Velikovsky's bestselling, and as a consequence most criticized, book is Worlds in Collision. Astronomer Harlow Shapley, along with others such as Cecilia Payne-Gaposchkin, were highly critical of Macmillan's decision to publish the work. The fundamental criticism against this book from the astronomy community was that its celestial mechanics were physically impossible, requiring planetary orbits that do not conform with the laws of conservation of energy and conservation of angular momentum.[citation needed]

Velikovsky relates in his book Stargazers & Gravediggers how he tried to protect himself from criticism of his celestial mechanics by removing the original appendix on the subject from Worlds in Collision, hoping that the merit of his ideas would be evaluated on the basis of his comparative mythology and use of literary sources alone. However, this strategy did not protect him: the appendix was an expanded version of the Cosmos Without Gravitation monograph, which he had already distributed to Shapley and others in the late 1940s—and they had regarded the physics within it as absurd.[citation needed]

By 1974, the controversy surrounding Velikovsky's work had permeated US society to the point where the American Association for the Advancement of Science felt obliged to address the situation, as they had previously done in relation to UFOs, and devoted a scientific session to Velikovsky featuring (among others) Velikovsky himself and Professor Carl Sagan.

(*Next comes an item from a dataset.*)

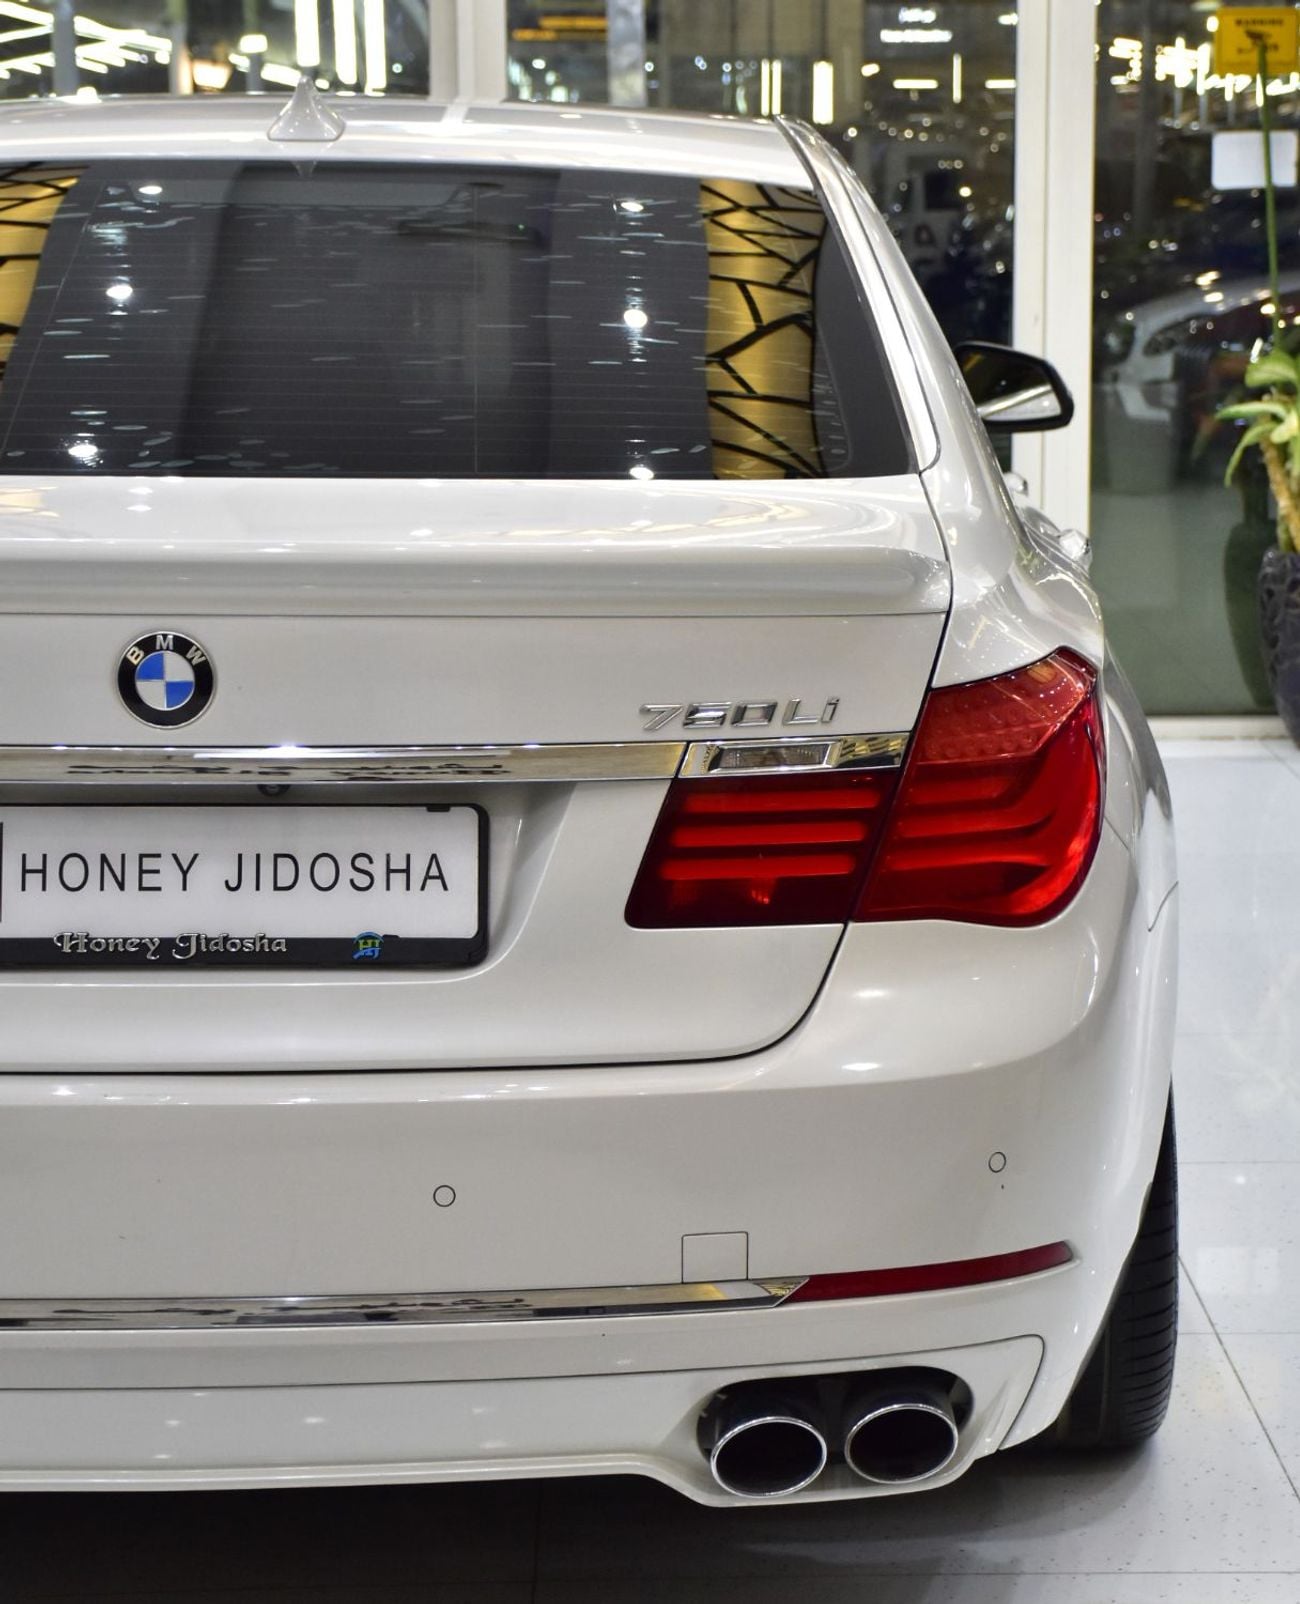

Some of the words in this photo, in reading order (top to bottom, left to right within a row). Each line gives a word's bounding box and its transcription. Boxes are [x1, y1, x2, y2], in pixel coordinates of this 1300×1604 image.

Sagan gave a critique of Velikovsky's ideas (the book version of Sagan's critique is much longer than that presented in the talk; see below). His criticisms are available in Scientists Confront Velikovsky[39] and as a corrected and revised version in the book Broca's Brain: Reflections on the Romance of Science.[40]

It was not until the 1980s that a very detailed critique of Worlds in Collision was made in terms of its use of mythical and literary sources when Bob Forrest published a highly critical examination of them (see below). Earlier in 1974, James Fitton published a brief critique of Velikovsky's interpretation of myth (ignored by Velikovsky and his defenders) whose indictment began: "In at least three important ways Velikovsky's use of mythology is unsound. The first of these is his proclivity to treat all myths as having independent value; the second is the tendency to treat only such material as is consistent with his thesis; and the third is his very unsystematic method."[41] A short analysis of the position of arguments in the late 20th century is given by Dr Velikovsky's ex-associate, and Kronos editor, C. Leroy Ellenberger, in his A Lesson from Velikovsky.[42]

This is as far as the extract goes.